如果你想输出空标签，你需要提供一个默认的nullValue，它将出现在标签中：

df.write.format("xml")
    .mode("overwrite")
    .option("nullValue", "")
    .option("rowTag", "ROW")
    .save("myxml")

将产生

<ROWS>
    <ROW>
        <city>Toronto</city>
        <year>2017</year>
        <saleAmount>50.0</saleAmount>
    </ROW>
    <ROW>
        <city>Toronto</city>
        <year></year>
        <saleAmount>50.0</saleAmount>
    </ROW>
    <ROW>
        <city>Sanjose</city>
        <year>2017</year>
        <saleAmount>200.0</saleAmount>
    </ROW>
    <ROW>
        <city>Sanjose</city>
        <year></year>
        <saleAmount>200.0</saleAmount>
    </ROW>
    <ROW>
        <city>Plano</city>
        <year>2015</year>
        <saleAmount>50.0</saleAmount>
    </ROW>
    ...
</ROWS>

现在这可能是一个非常糟糕的主意，因为您不能为每个标签指定不同的值，因此很容易生成 xml 不符合任何 XSD 它们的文件应该。

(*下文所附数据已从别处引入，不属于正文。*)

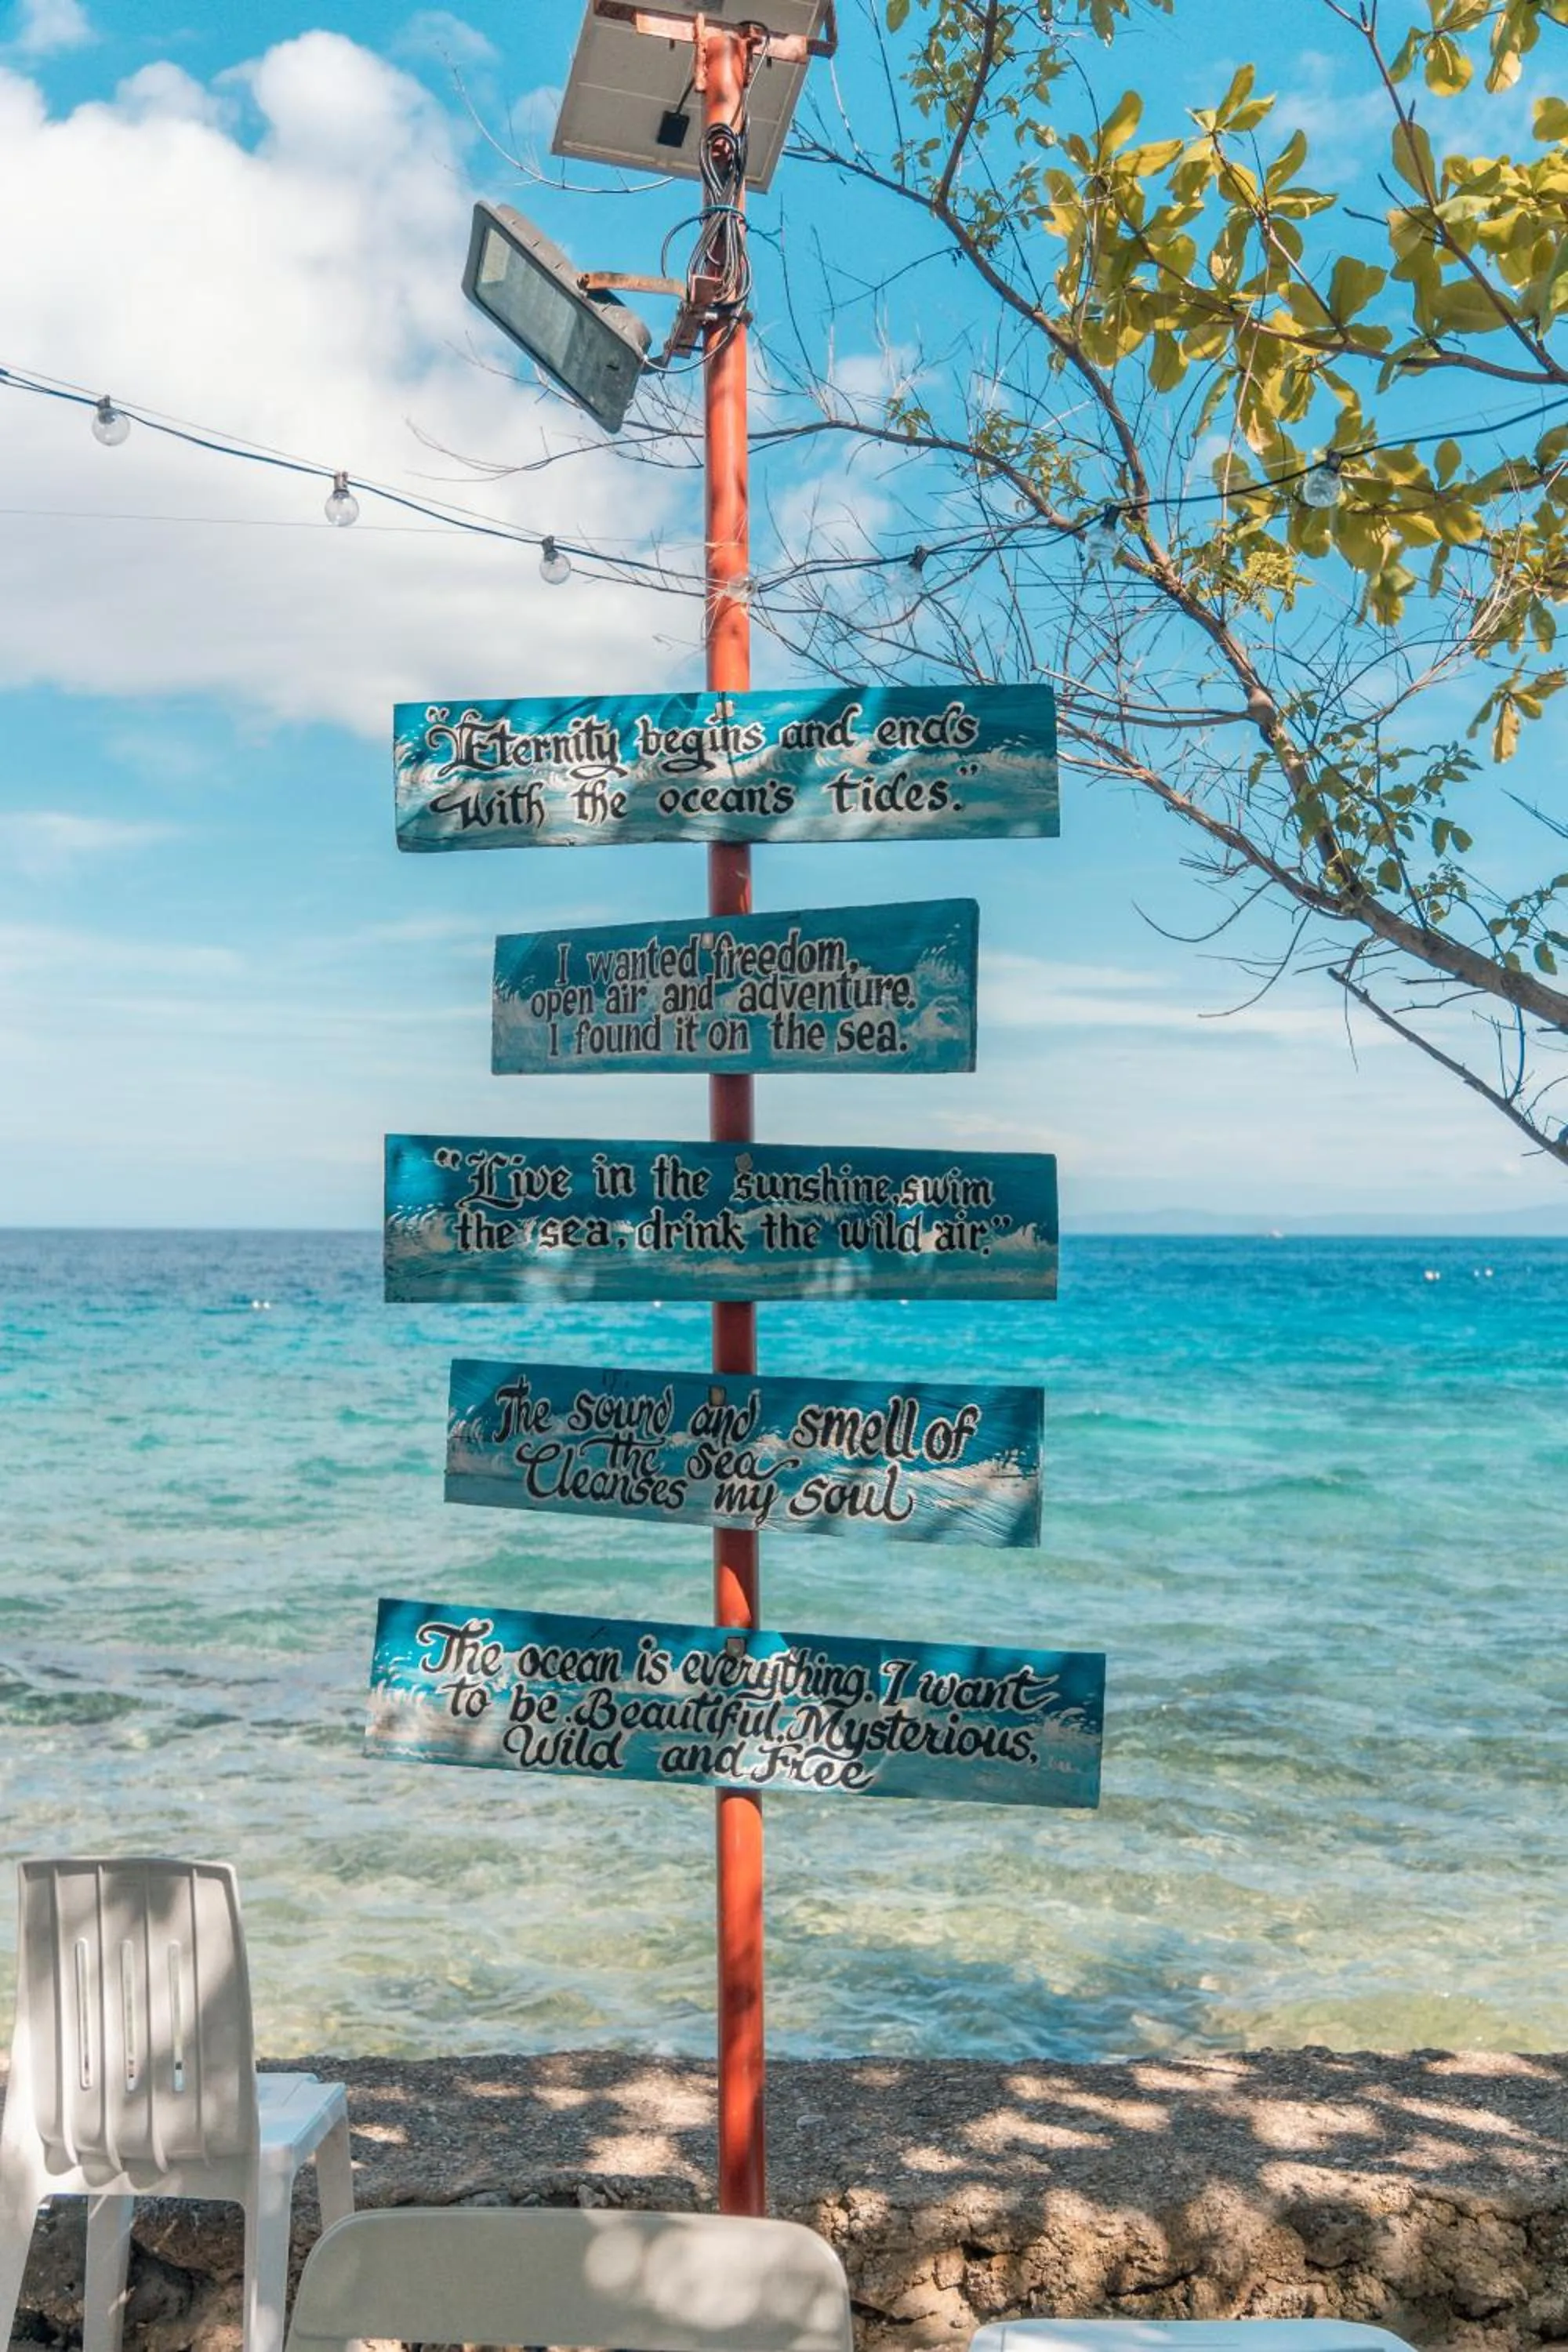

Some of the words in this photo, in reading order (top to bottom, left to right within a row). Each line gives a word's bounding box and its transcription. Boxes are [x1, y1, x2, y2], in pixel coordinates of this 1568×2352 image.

[637, 714, 766, 773] begins
[782, 704, 861, 750] and
[877, 704, 978, 746] ends
[572, 779, 630, 824] the
[660, 779, 794, 817] ocean's
[556, 945, 571, 985] I
[588, 937, 699, 982] wanted
[530, 985, 593, 1022] open
[605, 983, 647, 1014] air
[662, 974, 715, 1014] and
[550, 1022, 559, 1056] I
[575, 1014, 661, 1054] found
[676, 1018, 699, 1052] it
[708, 1019, 749, 1051] on
[772, 1011, 825, 1050] the
[837, 1020, 909, 1052] sea.
[594, 1154, 634, 1197] in
[655, 1156, 712, 1198] the
[900, 1168, 994, 1205] swim
[455, 1208, 514, 1250] the
[540, 1218, 626, 1248] sea,
[638, 1209, 746, 1250] drink
[760, 1212, 822, 1250] the
[839, 1210, 923, 1253] wild
[494, 1376, 552, 1442] The
[568, 1386, 673, 1436] sound
[690, 1391, 760, 1448] and
[793, 1397, 916, 1458] smell
[924, 1405, 980, 1461] of
[579, 1432, 666, 1479] the
[516, 1441, 688, 1509] Cleanses
[714, 1482, 778, 1525] my
[789, 1465, 914, 1522] soul
[417, 1620, 502, 1675] The
[518, 1645, 622, 1682] ocean
[637, 1637, 670, 1686] is
[883, 1660, 914, 1708] I
[920, 1668, 1060, 1711] want
[441, 1676, 488, 1717] to
[503, 1723, 624, 1771] Wild
[661, 1742, 748, 1780] and
[750, 1743, 875, 1790] Free

在上面的示例中，要读取生成的文件，您需要将 treatEmptyValuesAsNulls 选项设置为 true 或指定一个 nullValue 选项：

val df = spark.read.format("xml").option("treatEmptyValuesAsNulls","true").load("myxml")

or 

val df = spark.read.format("xml").option("nullValue","").load("myxml")

Answer 2

.option("nullValue","") 对我有用，而不是 option("treatEmptyValuesAsNull","true") 你已经使用过但没有得到想要的输出

以下使用 dependencies/versions

    <!-- https://mvnrepository.com/artifact/com.databricks/spark-xml -->
            <dependency>
                <groupId>com.databricks</groupId>
                <artifactId>spark-xml_2.11</artifactId>
                <version>0.4.1</version>
            </dependency>

           <dependency>
                <groupId>org.apache.spark</groupId>
                <artifactId>spark-core_2.11</artifactId>
                <version>2.4.1</version>
            </dependency>
            <dependency>
                <groupId>org.apache.spark</groupId>
                <artifactId>spark-sql_2.11</artifactId>
                <version>2.4.1</version>
            </dependency>

完整示例：

package examples

import org.apache.log4j.Level
import org.apache.spark.internal.Logging
import org.apache.spark.sql.SparkSession
import org.apache.spark.sql.functions.{lit, sum}

object SparkXmlTest extends App with Logging {
  val logger = org.apache.log4j.Logger.getLogger("org")
  logger.setLevel(Level.WARN)
  val spark = SparkSession.builder()
    .appName(this.getClass.getName)
    .config("spark.master", "local[*]").getOrCreate()

  import spark.implicits._

  val sales = Seq(
    ("Dallas", 2016, 100d),
    ("Dallas", 2017, 120d),
    ("Sanjose", 2017, 200d),
    ("Plano", 2015, 50d),
    ("Plano", 2016, 50d),
    ("Newyork", 2016, 150d),
    ("Toronto", 2017, 50d)

  ).toDF("city", "year", "saleAmount")
  sales.printSchema()

  val first = sales
    .rollup("city", "year")
    .agg(sum("saleAmount") as "saleAmount").sort($"city".desc_nulls_last, $"year".asc_nulls_last)


  logInfo("group by city and year")
  // The above query is semantically equivalent to the following
  val second = sales
    .groupBy("city", "year") // <-- subtotals (city, year)
    .agg(sum("saleAmount") as "saleAmount")
  second.show


  logInfo("group by city ")
  val third = sales
    .groupBy("city") // <-- subtotals (city)
    .agg(sum("saleAmount") as "saleAmount")
    .select($"city", lit(null) as "year", $"saleAmount") // <-- year is null

  third.show

  logInfo("group by for grand total")

  logInfo("final df using union of group by city and year / group by city /group by to get grand total")
  val fourth = sales
    .groupBy() // <-- grand total
    .agg(sum("saleAmount") as "saleAmount")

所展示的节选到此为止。